- Opening Delimiter -

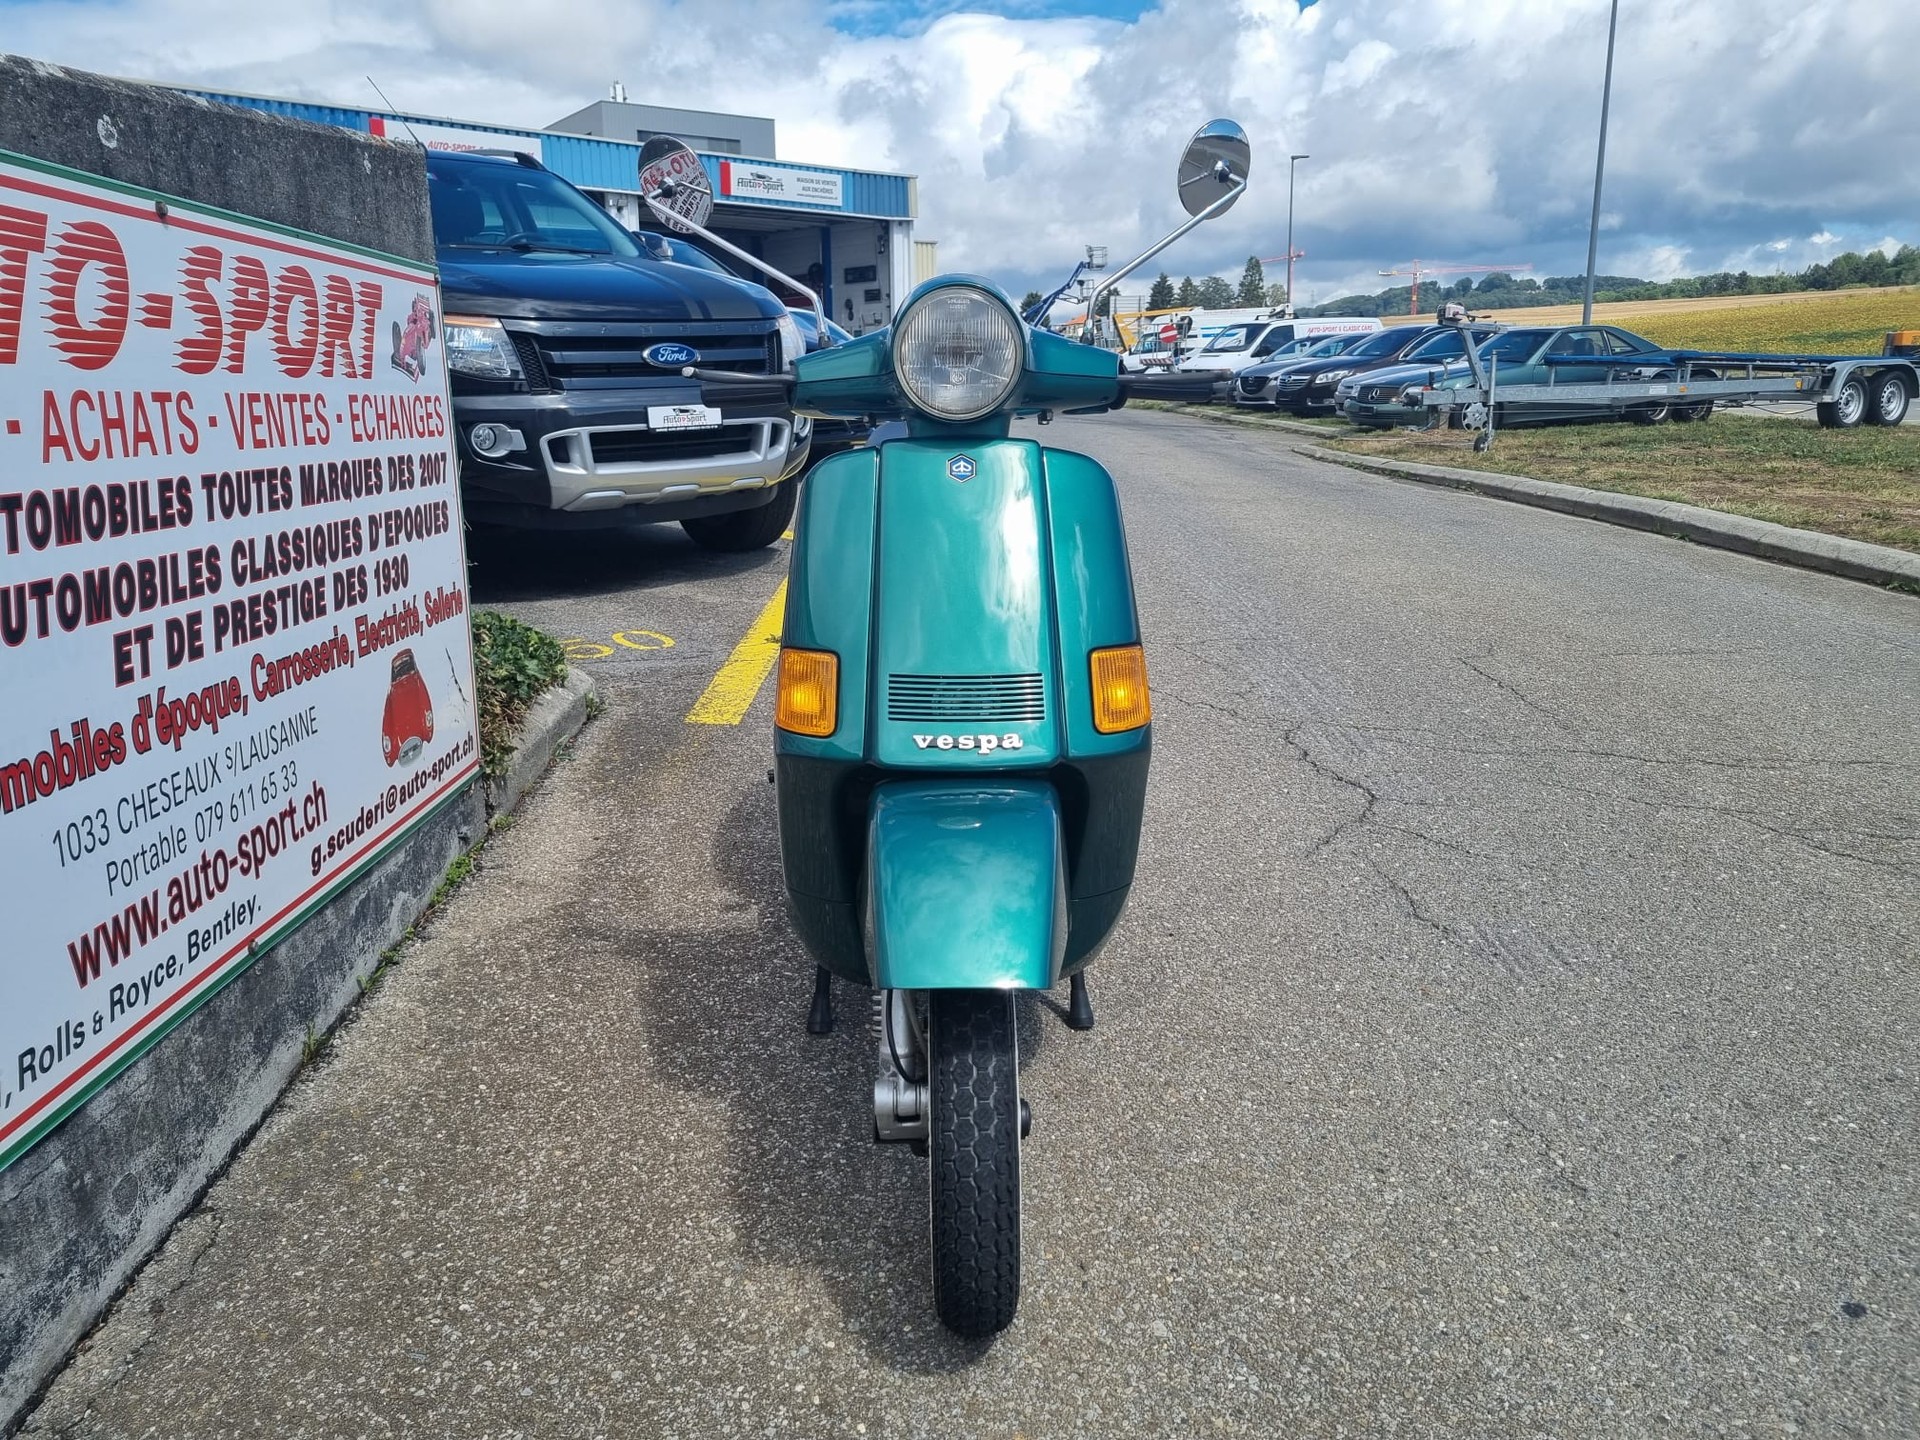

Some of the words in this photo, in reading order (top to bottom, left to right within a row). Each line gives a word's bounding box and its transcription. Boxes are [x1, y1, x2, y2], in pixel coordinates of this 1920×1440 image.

[657, 346, 688, 362] Ford
[42, 389, 200, 463] ACHATS
[225, 392, 331, 451] VENTES
[347, 393, 446, 443] ECHANGES
[0, 475, 194, 555] TOMOBILES
[201, 468, 293, 523] TOUTES
[300, 456, 383, 508] MARQUES
[388, 454, 415, 493] DES
[419, 452, 448, 486] 2007
[0, 544, 222, 648] UTOMOBILES
[230, 516, 363, 589] CLASSIQUES
[368, 499, 449, 553] D'EPOQUES
[112, 624, 154, 688] ET
[167, 610, 205, 671] DE
[213, 579, 328, 656] PRESTIGE
[333, 567, 370, 611] DES
[374, 553, 410, 597] 1930
[0, 718, 127, 815] mobiles
[131, 675, 250, 757] d'époque,
[250, 626, 355, 703] Carrosserie,
[424, 581, 464, 628] Sellerie
[912, 733, 1023, 755] vespa
[52, 807, 110, 868] 1033
[117, 752, 222, 836] CHESEAUX
[106, 827, 188, 897] Portable
[194, 806, 225, 845] 079
[229, 785, 256, 825] 611
[260, 771, 278, 804] 65
[281, 760, 298, 792] 33
[310, 730, 475, 875] g.scuderi@auto-sport.ch
[67, 779, 329, 990] www.auto-sport.ch
[17, 1019, 86, 1093] Rolls
[92, 1008, 103, 1033] &
[108, 956, 184, 1024] Royce,
[187, 893, 262, 964] Bentley.

- Closing Delimiter -

> [Work request]: Pictures in the records are to be left out; repeat everything else exactly.

> [Answer for this exercise]:
Some of the words in this photo, in reading order (top to bottom, left to right within a row). Each line gives a word's bounding box and its transcription. Boxes are [x1, y1, x2, y2], in pixel coordinates of this 1920×1440 image.

[657, 346, 688, 362] Ford
[42, 389, 200, 463] ACHATS
[225, 392, 331, 451] VENTES
[347, 393, 446, 443] ECHANGES
[0, 475, 194, 555] TOMOBILES
[201, 468, 293, 523] TOUTES
[300, 456, 383, 508] MARQUES
[388, 454, 415, 493] DES
[419, 452, 448, 486] 2007
[0, 544, 222, 648] UTOMOBILES
[230, 516, 363, 589] CLASSIQUES
[368, 499, 449, 553] D'EPOQUES
[112, 624, 154, 688] ET
[167, 610, 205, 671] DE
[213, 579, 328, 656] PRESTIGE
[333, 567, 370, 611] DES
[374, 553, 410, 597] 1930
[0, 718, 127, 815] mobiles
[131, 675, 250, 757] d'époque,
[250, 626, 355, 703] Carrosserie,
[424, 581, 464, 628] Sellerie
[912, 733, 1023, 755] vespa
[52, 807, 110, 868] 1033
[117, 752, 222, 836] CHESEAUX
[106, 827, 188, 897] Portable
[194, 806, 225, 845] 079
[229, 785, 256, 825] 611
[260, 771, 278, 804] 65
[281, 760, 298, 792] 33
[310, 730, 475, 875] g.scuderi@auto-sport.ch
[67, 779, 329, 990] www.auto-sport.ch
[17, 1019, 86, 1093] Rolls
[92, 1008, 103, 1033] &
[108, 956, 184, 1024] Royce,
[187, 893, 262, 964] Bentley.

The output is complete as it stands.